What is needed is a word-for-word copy of the lines below from the one with "this 1360×1536 image." through the one with "this 1500×1000 image.", both included, with every picture left out.

*** DATA

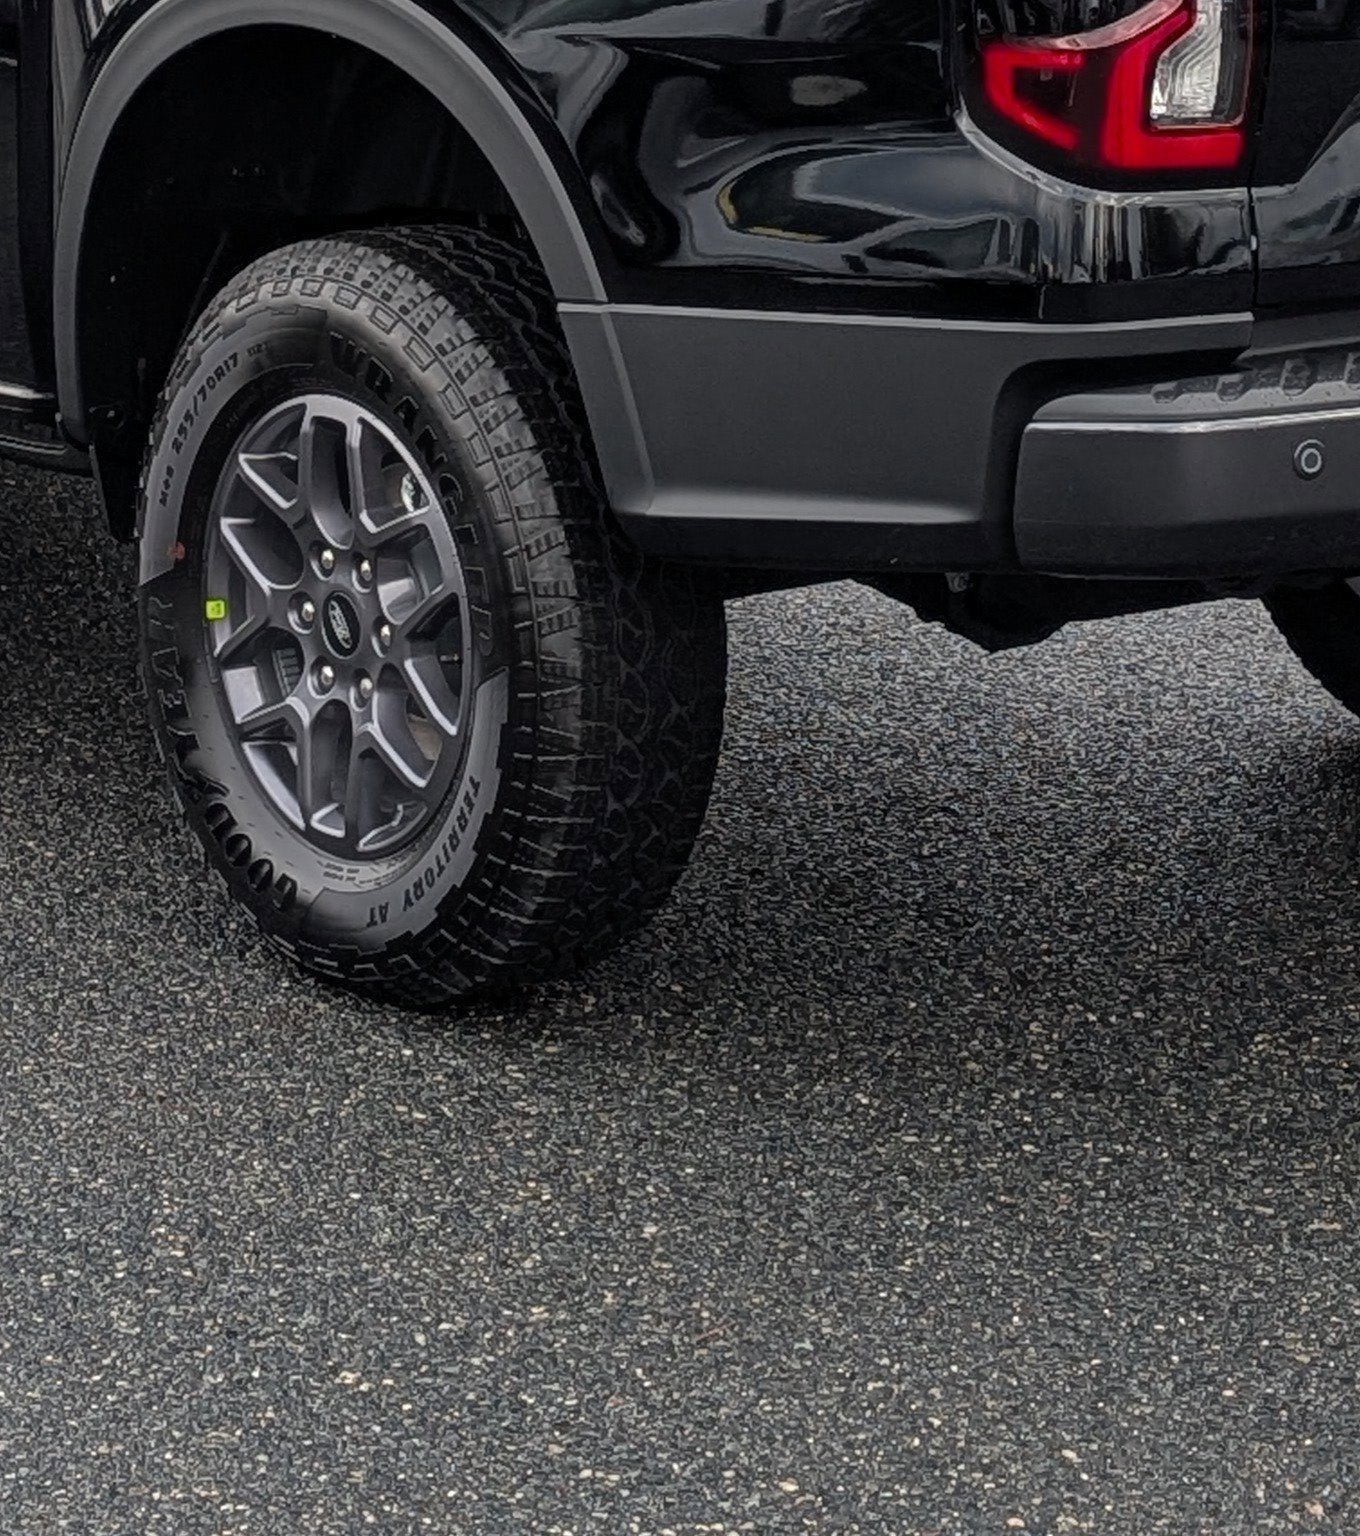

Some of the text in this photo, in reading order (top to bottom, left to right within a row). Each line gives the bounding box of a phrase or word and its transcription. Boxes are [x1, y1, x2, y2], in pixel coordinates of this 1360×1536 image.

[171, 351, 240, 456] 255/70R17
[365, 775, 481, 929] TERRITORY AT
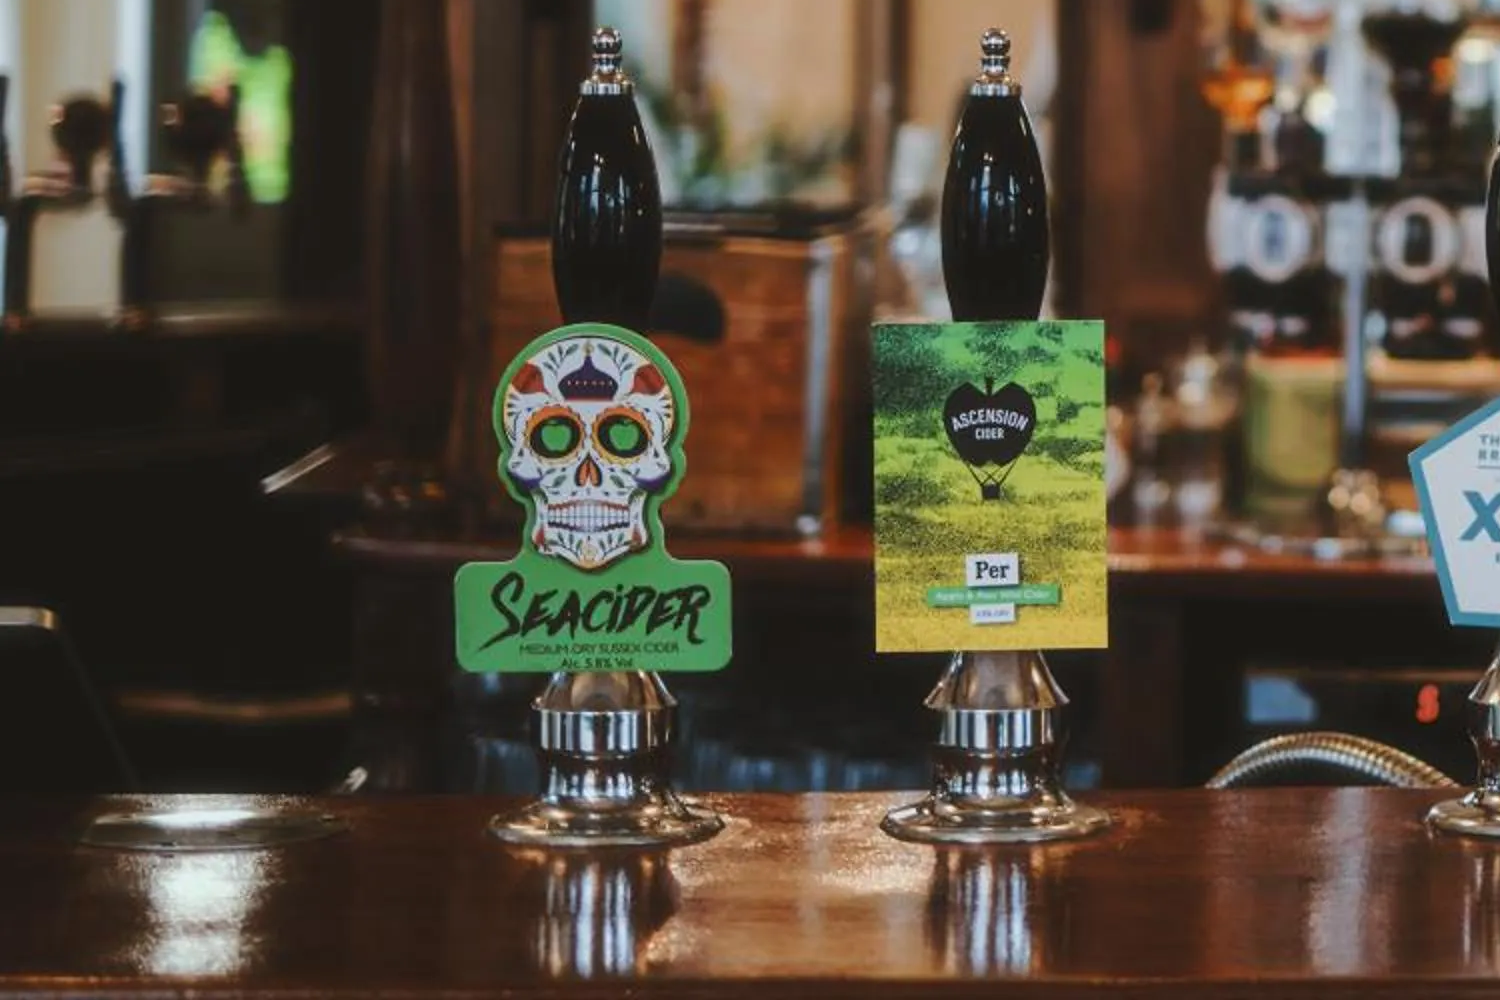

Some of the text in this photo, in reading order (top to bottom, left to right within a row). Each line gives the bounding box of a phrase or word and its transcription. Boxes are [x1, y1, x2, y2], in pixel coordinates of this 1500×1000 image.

******
*** DATA

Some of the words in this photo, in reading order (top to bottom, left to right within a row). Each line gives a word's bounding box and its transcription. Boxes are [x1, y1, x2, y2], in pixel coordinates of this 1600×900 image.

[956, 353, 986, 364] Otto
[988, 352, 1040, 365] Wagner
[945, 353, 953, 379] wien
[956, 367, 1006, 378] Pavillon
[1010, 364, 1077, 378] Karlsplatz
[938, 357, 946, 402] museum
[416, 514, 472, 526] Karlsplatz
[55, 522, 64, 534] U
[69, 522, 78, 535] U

******
*** DATA

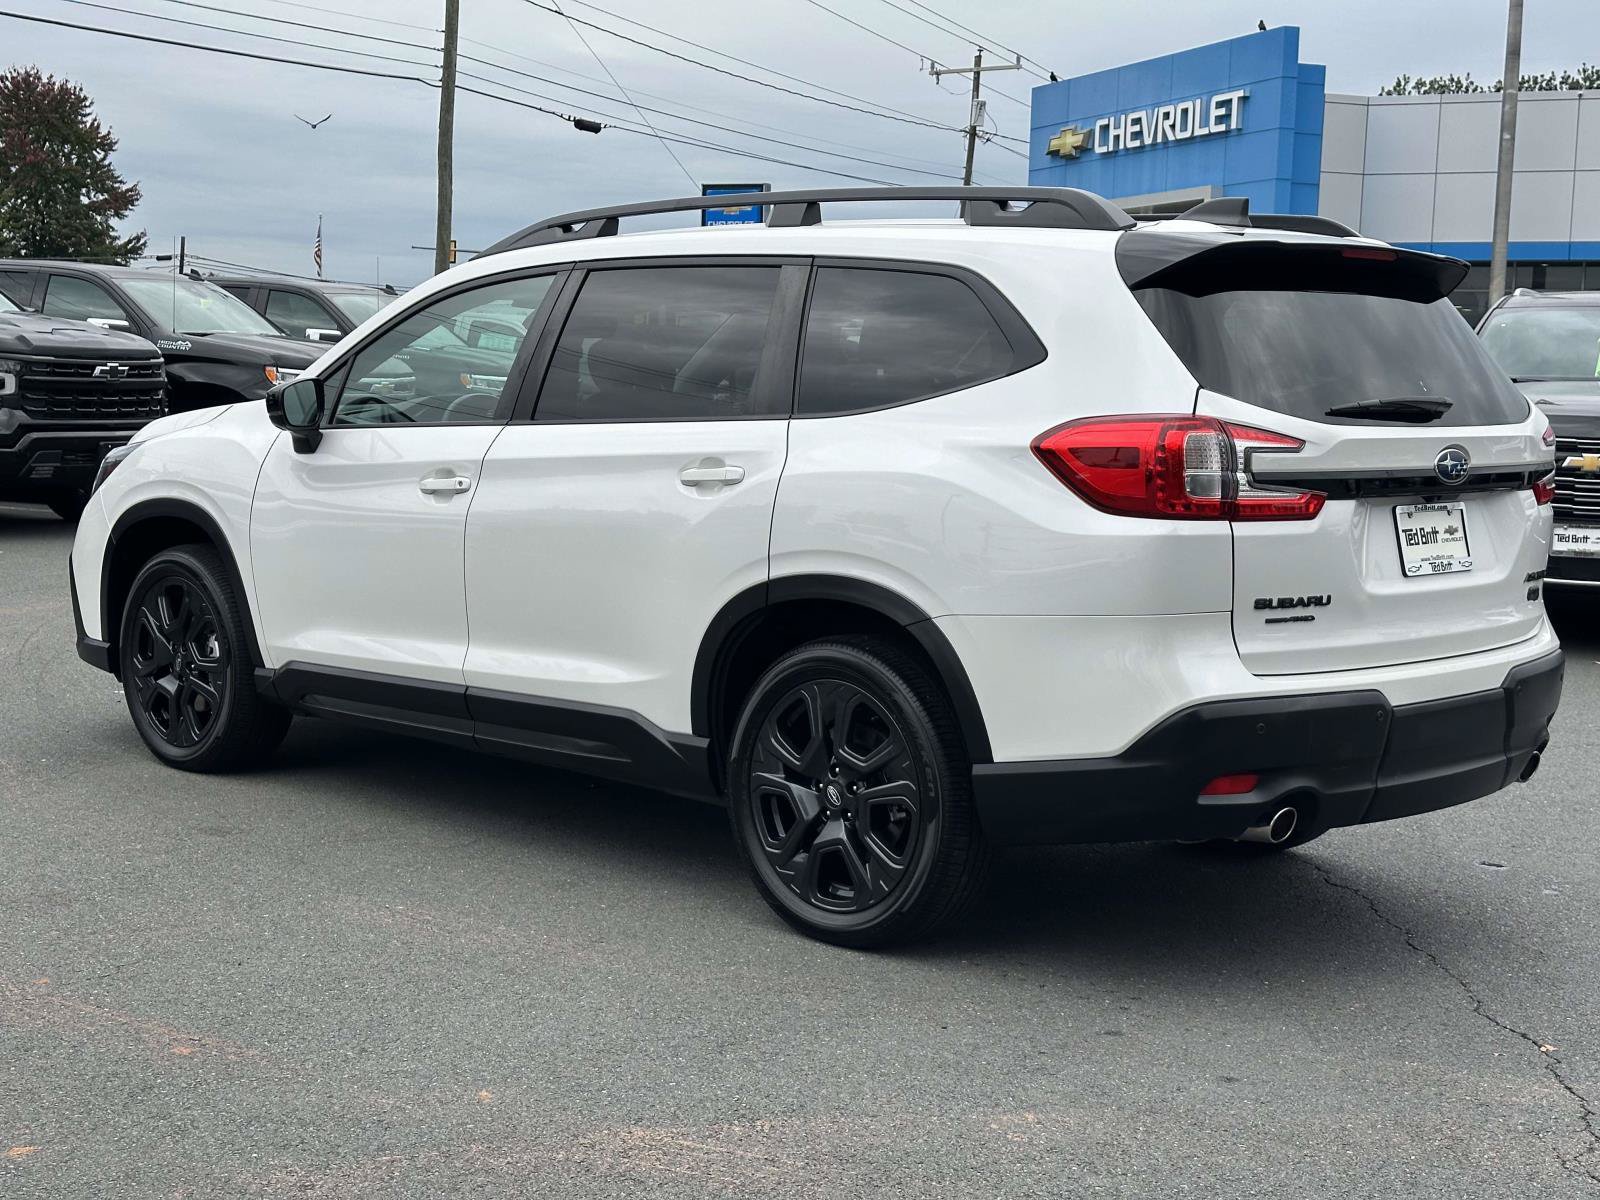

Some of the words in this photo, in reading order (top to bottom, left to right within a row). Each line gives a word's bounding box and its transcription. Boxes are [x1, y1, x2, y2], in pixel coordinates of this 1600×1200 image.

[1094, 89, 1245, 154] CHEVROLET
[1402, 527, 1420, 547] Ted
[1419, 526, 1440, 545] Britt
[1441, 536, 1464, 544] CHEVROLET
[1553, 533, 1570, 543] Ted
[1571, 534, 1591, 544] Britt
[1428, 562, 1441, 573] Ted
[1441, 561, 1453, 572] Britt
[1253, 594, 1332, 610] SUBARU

******

SOLVED PROBLEM –
Some of the text in this photo, in reading order (top to bottom, left to right within a row). Each line gives the bounding box of a phrase or word and its transcription. Boxes are [x1, y1, x2, y2], in pixel coordinates of this 1360×1536 image.

[171, 351, 240, 456] 255/70R17
[365, 775, 481, 929] TERRITORY AT

Some of the text in this photo, in reading order (top to bottom, left to right within a row). Each line gives the bounding box of a phrase or word and its transcription. Boxes are [x1, y1, x2, y2], in pixel coordinates of this 1500×1000 image.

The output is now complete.